🔗 Share this article

This year's Nobel Prize in medical science has been awarded for transformative discoveries that clarify how the body's defense network targets harmful infections while protecting the healthy tissues.

A trio of renowned researchers—Japan's Shimon Sakaguchi and US experts Dr. Brunkow and Dr. Ramsdell—share this honor.

Their work uncovered specialized "sentinels" within the defense system that eliminate malfunctioning immune cells that could harming the body.
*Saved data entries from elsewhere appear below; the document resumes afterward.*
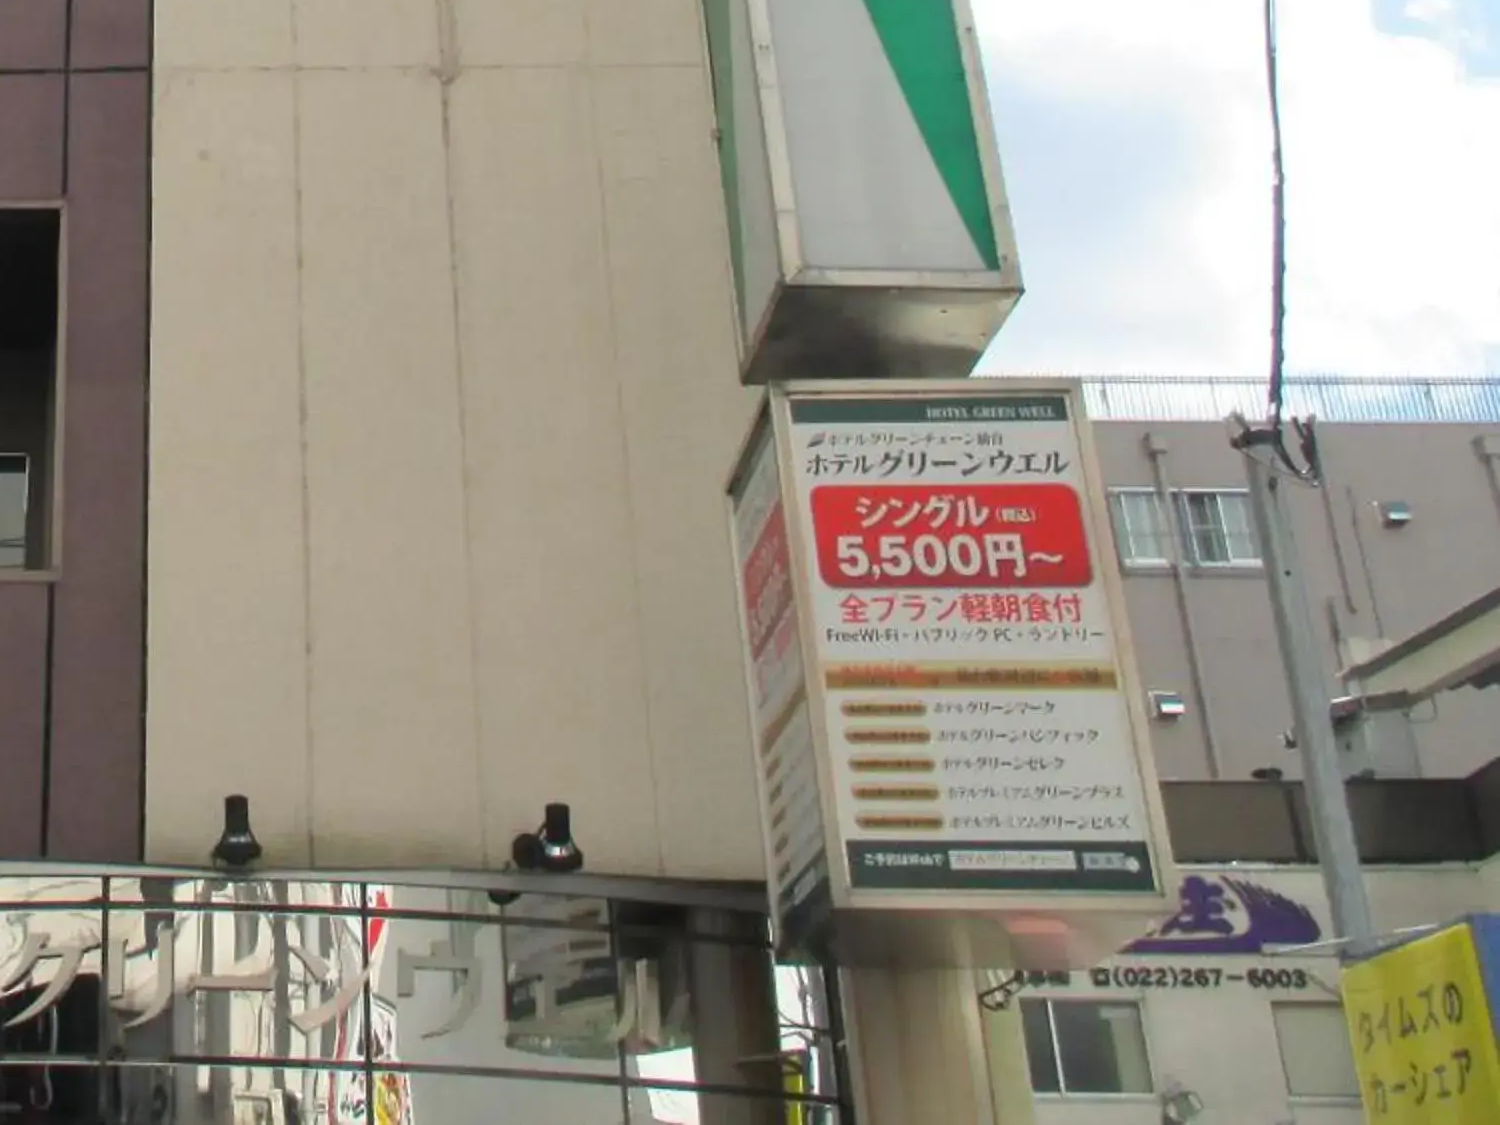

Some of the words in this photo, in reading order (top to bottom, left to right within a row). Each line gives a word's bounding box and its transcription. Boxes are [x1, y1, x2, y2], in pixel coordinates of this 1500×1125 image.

[925, 405, 968, 419] HOTEL
[973, 404, 1016, 419] GREEN
[1018, 403, 1055, 418] WELL
[806, 450, 1071, 477] ホテルグリーンウエル
[855, 494, 989, 529] シングル
The discoveries are now enabling new therapies for autoimmune diseases and cancer.

These winners will share a monetary award worth 11 million SEK.

Decisive Discoveries

"The research has been decisive for understanding how the immune system functions and why we don't all suffer from serious self-attack conditions," stated the chair of the Nobel Committee.

The trio's studies address a fundamental mystery: How does the immune system protect us from numerous invaders while leaving our healthy cells intact?

The body's protection system uses white blood cells that search for indicators of disease, even pathogens and germs it has never encountered.

These cells utilize detectors—known as receptors—that are generated randomly in countless combinations.

That provides the immune system the capacity to fight a broad range of invaders, but the randomness of the mechanism unavoidably produces immune cells that can attack the body.

Protectors of the Body

Researchers previously knew that a portion of these harmful defense cells were eliminated in the thymus—the site where immune cells develop.

This year's award recognizes the discovery of T-reg cells—known as the immune system's "peacekeepers"—which travel through the system to neutralize other immune cells that assault the healthy cells.

It is known that this process malfunctions in self-attack conditions such as type-1 diabetes, MS, and rheumatoid arthritis.

A prize committee stated, "These findings have laid the foundation for a new field of investigation and spurred the creation of innovative therapies, for example for cancer and autoimmune diseases."

Regarding cancer, regulatory T-cells prevent the body from fighting the tumor, so research are aimed at reducing their numbers.

In self-attack disorders, trials are testing increasing regulatory T-cells so the body is not under attack. A comparable method could also be useful in reducing the risks of transplanted organ rejection.

Innovative Studies

Professor Sakaguchi, of a Japanese institution, performed tests on mice that had their thymus extracted, leading to autoimmune disease.

The researcher showed that introducing defense cells from healthy animals could prevent the illness—implying there was a system for preventing defenders from harming the body.

Mary Brunkow, from the Institute for Systems Biology in Seattle, and Dr. Ramsdell, currently at a biotech firm in a California city, were studying an inherited immune disorder in mice and people that led to the identification of a gene vital for the way T-regs function.

"Their groundbreaking work has uncovered how the immune system is kept in check by T-reg cells, stopping it from accidentally targeting the healthy cells," said a leading physiology expert.

"The research is a striking example of how basic biological research can have broad consequences for human health."